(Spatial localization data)
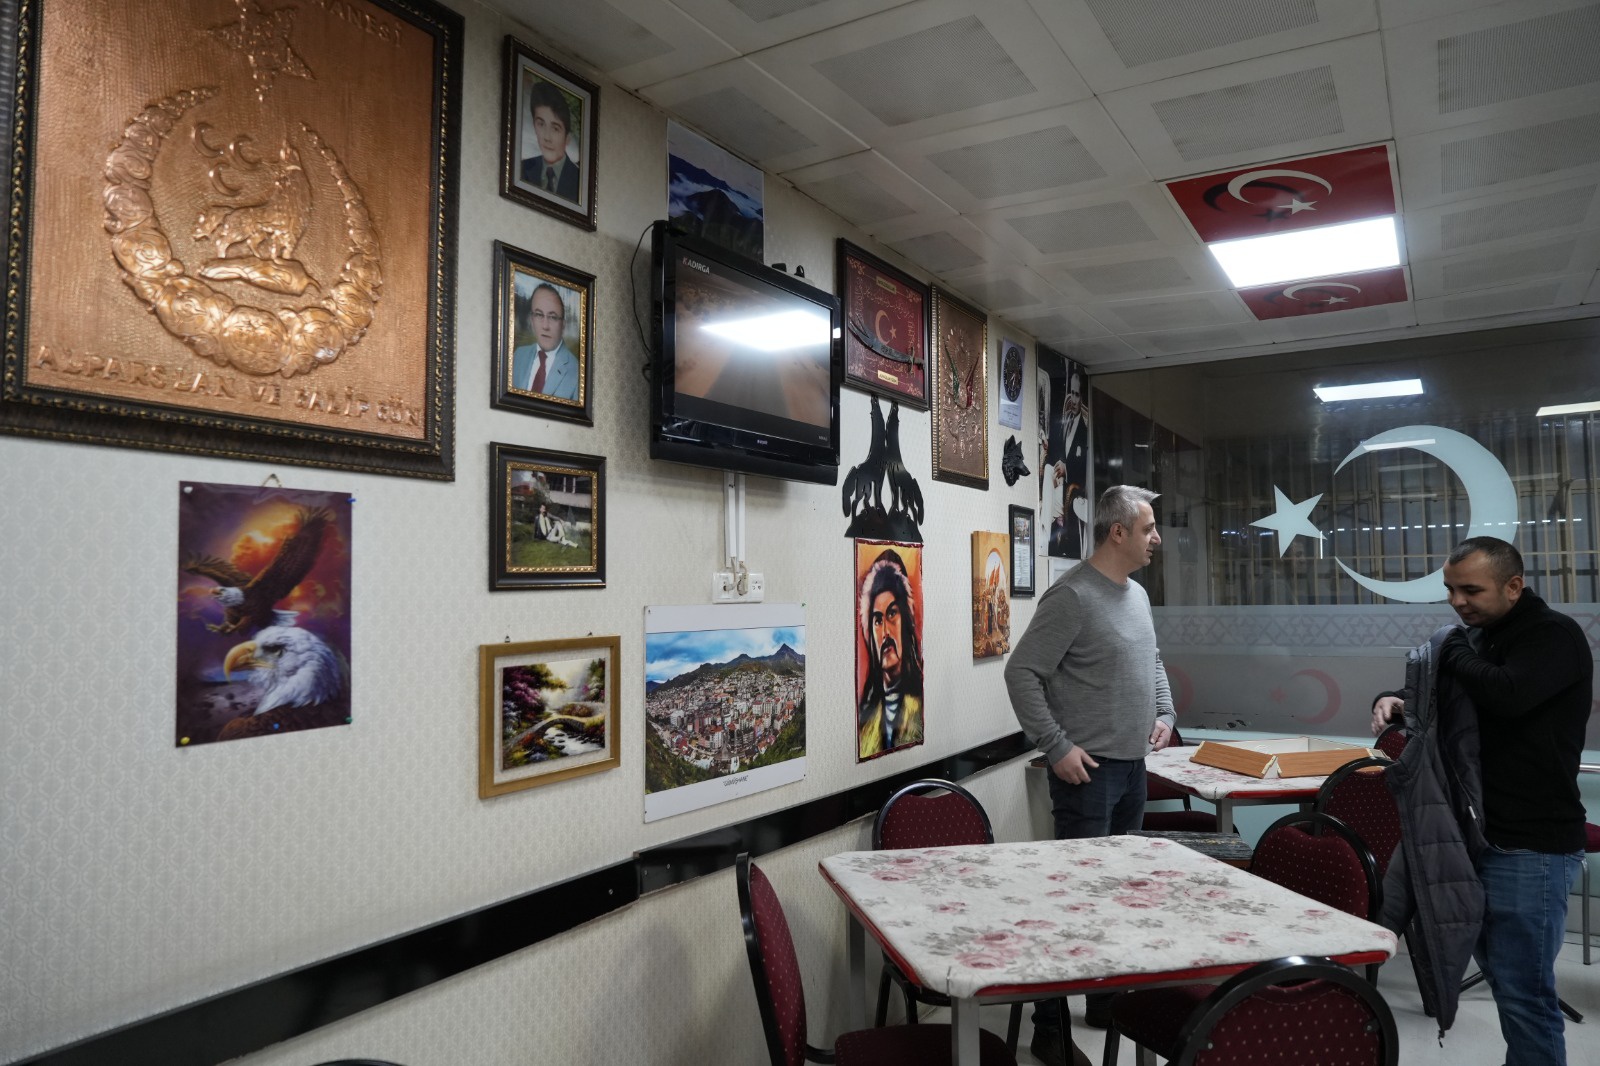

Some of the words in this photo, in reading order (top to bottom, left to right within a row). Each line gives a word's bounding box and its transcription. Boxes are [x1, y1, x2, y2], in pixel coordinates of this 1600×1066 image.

[309, 0, 402, 48] ANESİ
[682, 256, 710, 275] KADIRGA
[33, 345, 236, 398] ALPARSLAN
[247, 380, 282, 406] VE
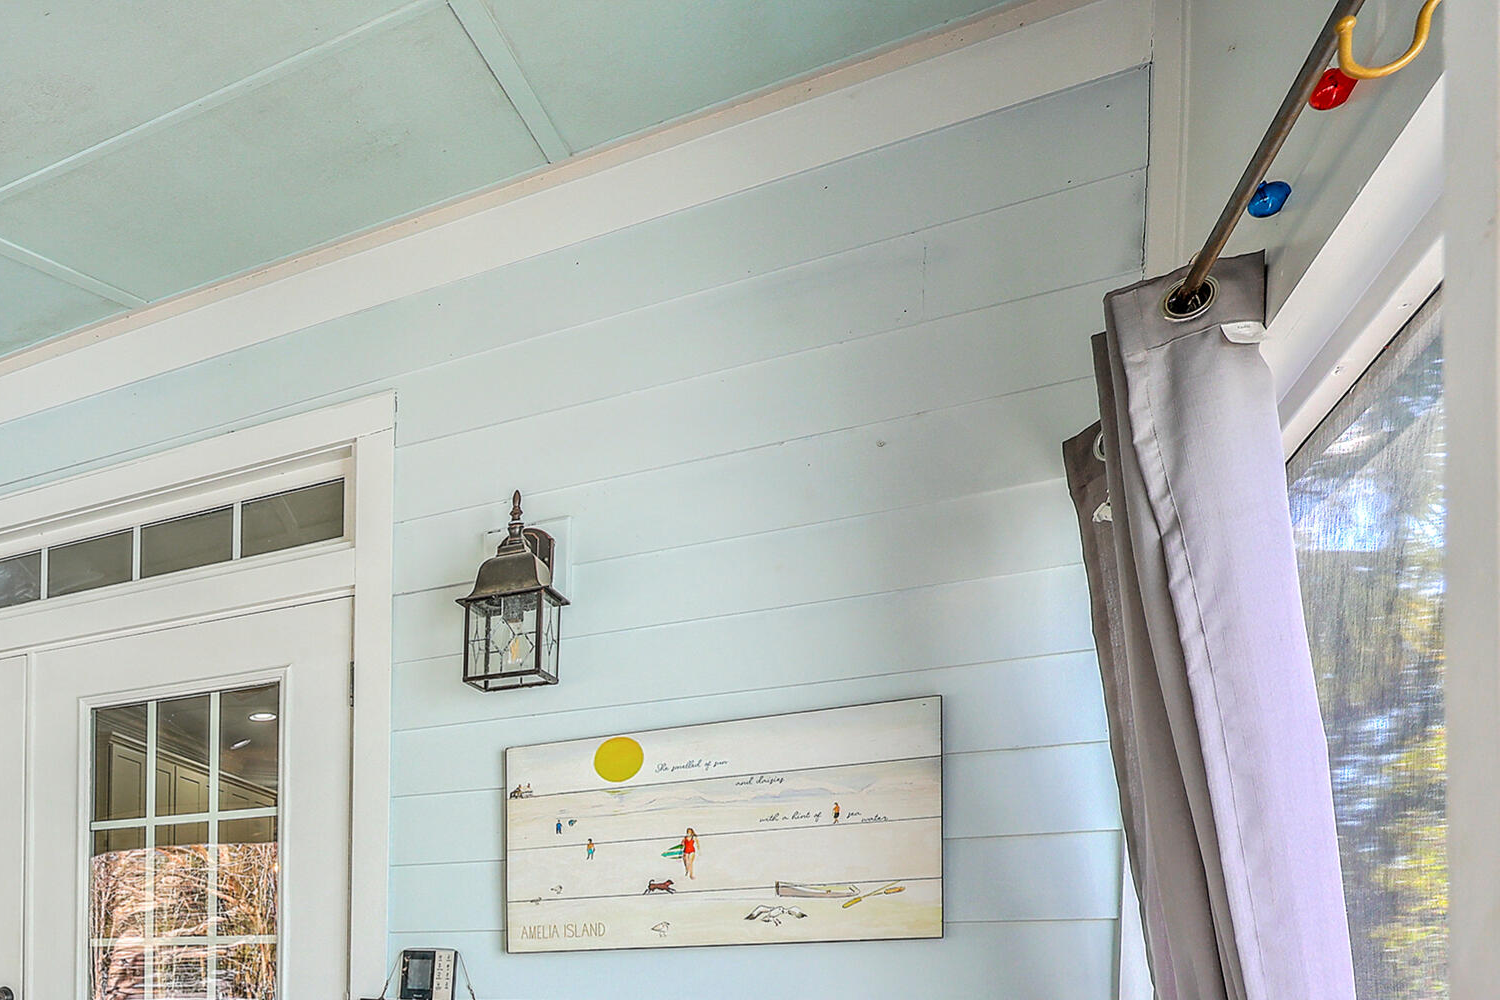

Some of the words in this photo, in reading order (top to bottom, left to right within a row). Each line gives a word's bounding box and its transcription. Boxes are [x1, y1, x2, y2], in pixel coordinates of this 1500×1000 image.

[704, 760, 712, 771] of
[735, 776, 753, 786] and
[760, 812, 780, 823] with
[791, 810, 810, 820] hint
[813, 811, 822, 822] of
[861, 814, 889, 823] water
[521, 924, 560, 939] AMELIA
[563, 922, 606, 938] ISLAND

### Exercise objective
Return all the records exactly, excluding images.

### Result for this exercise
Some of the words in this photo, in reading order (top to bottom, left to right within a row). Each line gives a word's bounding box and its transcription. Boxes are [x1, y1, x2, y2], in pixel coordinates of this 1600×1066 image.

[309, 0, 402, 48] ANESİ
[682, 256, 710, 275] KADIRGA
[33, 345, 236, 398] ALPARSLAN
[247, 380, 282, 406] VE

Some of the words in this photo, in reading order (top to bottom, left to right within a row). Each line gives a word's bounding box and its transcription. Boxes are [x1, y1, x2, y2], in pixel coordinates of this 1500×1000 image.

[704, 760, 712, 771] of
[735, 776, 753, 786] and
[760, 812, 780, 823] with
[791, 810, 810, 820] hint
[813, 811, 822, 822] of
[861, 814, 889, 823] water
[521, 924, 560, 939] AMELIA
[563, 922, 606, 938] ISLAND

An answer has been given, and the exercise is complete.